Type of calories do matter--change one type for another, and insulin will go down. But also, taking fat, carbs, and protein, keep any two at the same absolute level, but lower the third, and insulin secretion probably goes down. Also there are interactions between the three. The insulin index for various foods shows that if you give 200 calories or so of very lean beef or fish, mostly protein, there'll be a higher insulin response than if you give eggs or cheese, with roughly the same calories but two thirds fat--but if you work it out as insulin per gram of protein, in that respect the insulin response is greater. This is more obviously true with carbohydrate and fat, absorption of the carbs might slow down, but the insulin requirement per gram of carbohydrate is greatly increase by the fat, even though if you were to eat the fat alone, going from a completely fasted state, there'd be practically no increase in insulin.

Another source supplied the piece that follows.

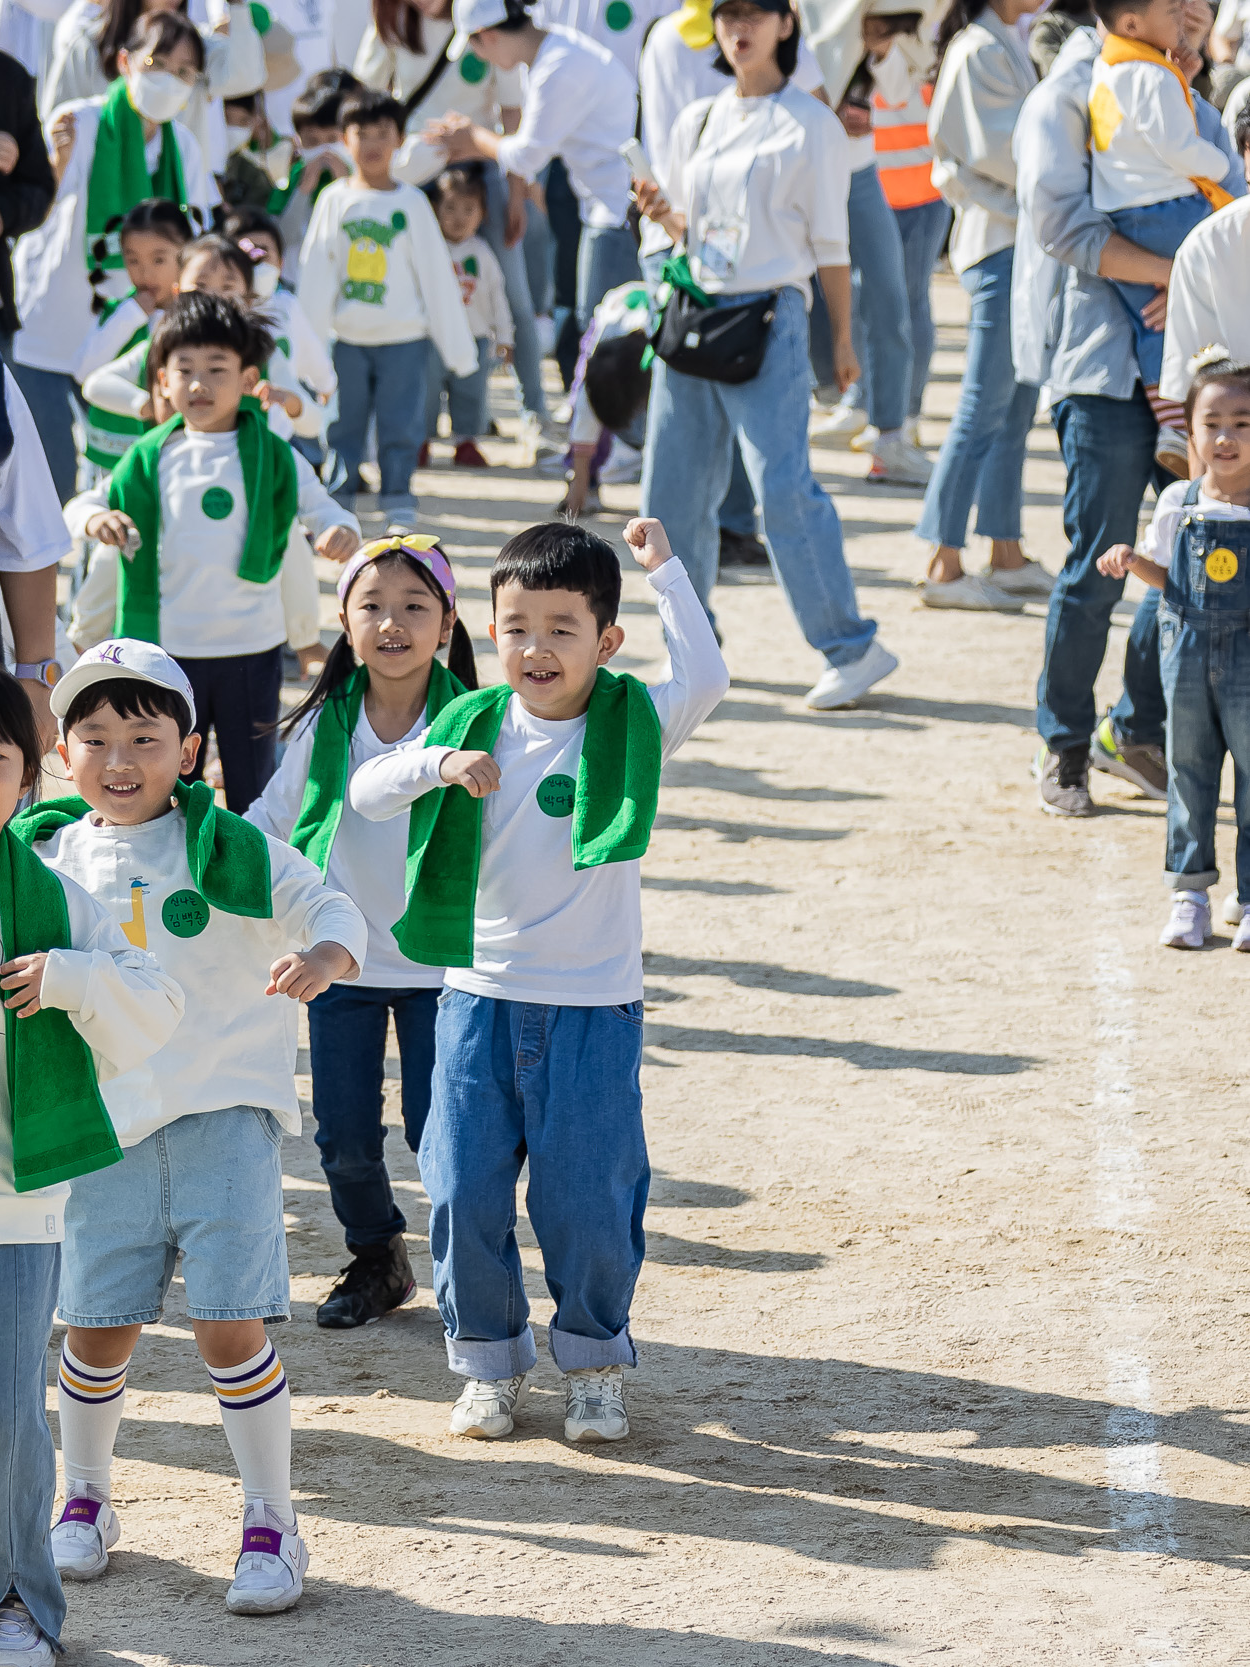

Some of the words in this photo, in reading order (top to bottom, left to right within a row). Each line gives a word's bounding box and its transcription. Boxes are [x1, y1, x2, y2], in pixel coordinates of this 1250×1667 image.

I'm sort of skeptical about bulletproof coffee--but if you look at it, not only does it minimally break a fast, not much insulin requirement, it also sort of separates some of the day's fat calories from the rest of the diet--does the day's intake of carbohydrate and protein then require less insulin?
I've been eating more ketogenically since Christmas, and I've lost about 15 pounds. I seem to do this almost every year, after a summer of barbecues, although most times previously, I've done it with higher protein intake. I've been eating 16-1800 calories, similar to previous times, but with protein mostly between 60-70 grams (including protein from my veggies) instead of probably 100+. It's just easier. Lowering protein to lower insulin and lose weight makes a lot of eyes roll even in low carb circles, but it does seem to make things easier for me.